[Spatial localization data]
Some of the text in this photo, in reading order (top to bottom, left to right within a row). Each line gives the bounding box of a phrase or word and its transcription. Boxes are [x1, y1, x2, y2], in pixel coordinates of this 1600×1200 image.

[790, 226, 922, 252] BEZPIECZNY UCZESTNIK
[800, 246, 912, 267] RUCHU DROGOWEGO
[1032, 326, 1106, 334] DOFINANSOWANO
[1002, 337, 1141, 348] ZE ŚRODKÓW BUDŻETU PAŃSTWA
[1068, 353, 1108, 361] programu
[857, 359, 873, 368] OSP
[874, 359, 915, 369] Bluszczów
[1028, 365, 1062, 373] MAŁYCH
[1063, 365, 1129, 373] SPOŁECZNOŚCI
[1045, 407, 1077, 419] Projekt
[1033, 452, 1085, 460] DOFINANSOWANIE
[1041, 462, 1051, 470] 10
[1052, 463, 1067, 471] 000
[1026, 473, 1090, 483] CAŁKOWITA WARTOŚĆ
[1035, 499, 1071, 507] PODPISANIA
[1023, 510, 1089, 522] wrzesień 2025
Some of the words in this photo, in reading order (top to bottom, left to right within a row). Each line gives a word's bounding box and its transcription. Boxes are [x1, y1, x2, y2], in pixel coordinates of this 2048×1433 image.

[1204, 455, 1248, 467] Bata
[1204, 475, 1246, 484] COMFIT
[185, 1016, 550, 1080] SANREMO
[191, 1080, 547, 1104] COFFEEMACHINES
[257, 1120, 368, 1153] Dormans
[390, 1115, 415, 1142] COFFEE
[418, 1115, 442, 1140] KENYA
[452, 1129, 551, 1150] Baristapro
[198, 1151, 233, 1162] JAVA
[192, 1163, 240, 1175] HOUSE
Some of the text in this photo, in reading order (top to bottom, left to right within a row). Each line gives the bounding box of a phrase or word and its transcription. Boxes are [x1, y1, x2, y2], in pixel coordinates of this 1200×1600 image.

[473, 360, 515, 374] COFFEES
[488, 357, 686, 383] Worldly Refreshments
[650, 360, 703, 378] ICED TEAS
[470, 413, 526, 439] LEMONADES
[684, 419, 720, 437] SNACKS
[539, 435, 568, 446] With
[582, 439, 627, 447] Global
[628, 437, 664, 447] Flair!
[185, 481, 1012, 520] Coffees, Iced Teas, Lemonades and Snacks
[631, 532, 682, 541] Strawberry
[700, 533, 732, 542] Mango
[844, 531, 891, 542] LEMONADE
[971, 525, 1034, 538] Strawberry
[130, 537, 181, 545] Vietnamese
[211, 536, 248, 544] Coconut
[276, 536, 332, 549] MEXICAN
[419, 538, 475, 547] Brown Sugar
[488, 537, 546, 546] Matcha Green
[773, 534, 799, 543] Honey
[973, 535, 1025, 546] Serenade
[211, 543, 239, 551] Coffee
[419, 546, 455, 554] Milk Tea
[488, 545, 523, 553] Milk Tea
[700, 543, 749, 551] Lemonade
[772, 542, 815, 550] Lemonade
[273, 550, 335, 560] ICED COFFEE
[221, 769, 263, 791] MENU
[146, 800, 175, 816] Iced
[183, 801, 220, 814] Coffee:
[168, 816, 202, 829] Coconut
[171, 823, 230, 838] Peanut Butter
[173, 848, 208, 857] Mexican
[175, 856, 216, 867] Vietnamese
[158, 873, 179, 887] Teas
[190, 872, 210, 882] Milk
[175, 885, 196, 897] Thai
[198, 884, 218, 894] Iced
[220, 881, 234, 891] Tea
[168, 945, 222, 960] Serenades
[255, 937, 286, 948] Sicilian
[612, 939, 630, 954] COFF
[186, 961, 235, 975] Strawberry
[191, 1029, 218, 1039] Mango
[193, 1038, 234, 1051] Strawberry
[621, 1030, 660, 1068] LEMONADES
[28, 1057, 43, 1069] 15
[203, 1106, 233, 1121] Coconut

YOUR TASK |
Could you return all of the data exactly as written?

RESPONSE AREA |
Some of the text in this photo, in reading order (top to bottom, left to right within a row). Each line gives the bounding box of a phrase or word and its transcription. Boxes are [x1, y1, x2, y2], in pixel coordinates of this 1600×1200 image.

[790, 226, 922, 252] BEZPIECZNY UCZESTNIK
[800, 246, 912, 267] RUCHU DROGOWEGO
[1032, 326, 1106, 334] DOFINANSOWANO
[1002, 337, 1141, 348] ZE ŚRODKÓW BUDŻETU PAŃSTWA
[1068, 353, 1108, 361] programu
[857, 359, 873, 368] OSP
[874, 359, 915, 369] Bluszczów
[1028, 365, 1062, 373] MAŁYCH
[1063, 365, 1129, 373] SPOŁECZNOŚCI
[1045, 407, 1077, 419] Projekt
[1033, 452, 1085, 460] DOFINANSOWANIE
[1041, 462, 1051, 470] 10
[1052, 463, 1067, 471] 000
[1026, 473, 1090, 483] CAŁKOWITA WARTOŚĆ
[1035, 499, 1071, 507] PODPISANIA
[1023, 510, 1089, 522] wrzesień 2025
Some of the words in this photo, in reading order (top to bottom, left to right within a row). Each line gives a word's bounding box and its transcription. Boxes are [x1, y1, x2, y2], in pixel coordinates of this 2048×1433 image.

[1204, 455, 1248, 467] Bata
[1204, 475, 1246, 484] COMFIT
[185, 1016, 550, 1080] SANREMO
[191, 1080, 547, 1104] COFFEEMACHINES
[257, 1120, 368, 1153] Dormans
[390, 1115, 415, 1142] COFFEE
[418, 1115, 442, 1140] KENYA
[452, 1129, 551, 1150] Baristapro
[198, 1151, 233, 1162] JAVA
[192, 1163, 240, 1175] HOUSE
Some of the text in this photo, in reading order (top to bottom, left to right within a row). Each line gives the bounding box of a phrase or word and its transcription. Boxes are [x1, y1, x2, y2], in pixel coordinates of this 1200×1600 image.

[473, 360, 515, 374] COFFEES
[488, 357, 686, 383] Worldly Refreshments
[650, 360, 703, 378] ICED TEAS
[470, 413, 526, 439] LEMONADES
[684, 419, 720, 437] SNACKS
[539, 435, 568, 446] With
[582, 439, 627, 447] Global
[628, 437, 664, 447] Flair!
[185, 481, 1012, 520] Coffees, Iced Teas, Lemonades and Snacks
[631, 532, 682, 541] Strawberry
[700, 533, 732, 542] Mango
[844, 531, 891, 542] LEMONADE
[971, 525, 1034, 538] Strawberry
[130, 537, 181, 545] Vietnamese
[211, 536, 248, 544] Coconut
[276, 536, 332, 549] MEXICAN
[419, 538, 475, 547] Brown Sugar
[488, 537, 546, 546] Matcha Green
[773, 534, 799, 543] Honey
[973, 535, 1025, 546] Serenade
[211, 543, 239, 551] Coffee
[419, 546, 455, 554] Milk Tea
[488, 545, 523, 553] Milk Tea
[700, 543, 749, 551] Lemonade
[772, 542, 815, 550] Lemonade
[273, 550, 335, 560] ICED COFFEE
[221, 769, 263, 791] MENU
[146, 800, 175, 816] Iced
[183, 801, 220, 814] Coffee:
[168, 816, 202, 829] Coconut
[171, 823, 230, 838] Peanut Butter
[173, 848, 208, 857] Mexican
[175, 856, 216, 867] Vietnamese
[158, 873, 179, 887] Teas
[190, 872, 210, 882] Milk
[175, 885, 196, 897] Thai
[198, 884, 218, 894] Iced
[220, 881, 234, 891] Tea
[168, 945, 222, 960] Serenades
[255, 937, 286, 948] Sicilian
[612, 939, 630, 954] COFF
[186, 961, 235, 975] Strawberry
[191, 1029, 218, 1039] Mango
[193, 1038, 234, 1051] Strawberry
[621, 1030, 660, 1068] LEMONADES
[28, 1057, 43, 1069] 15
[203, 1106, 233, 1121] Coconut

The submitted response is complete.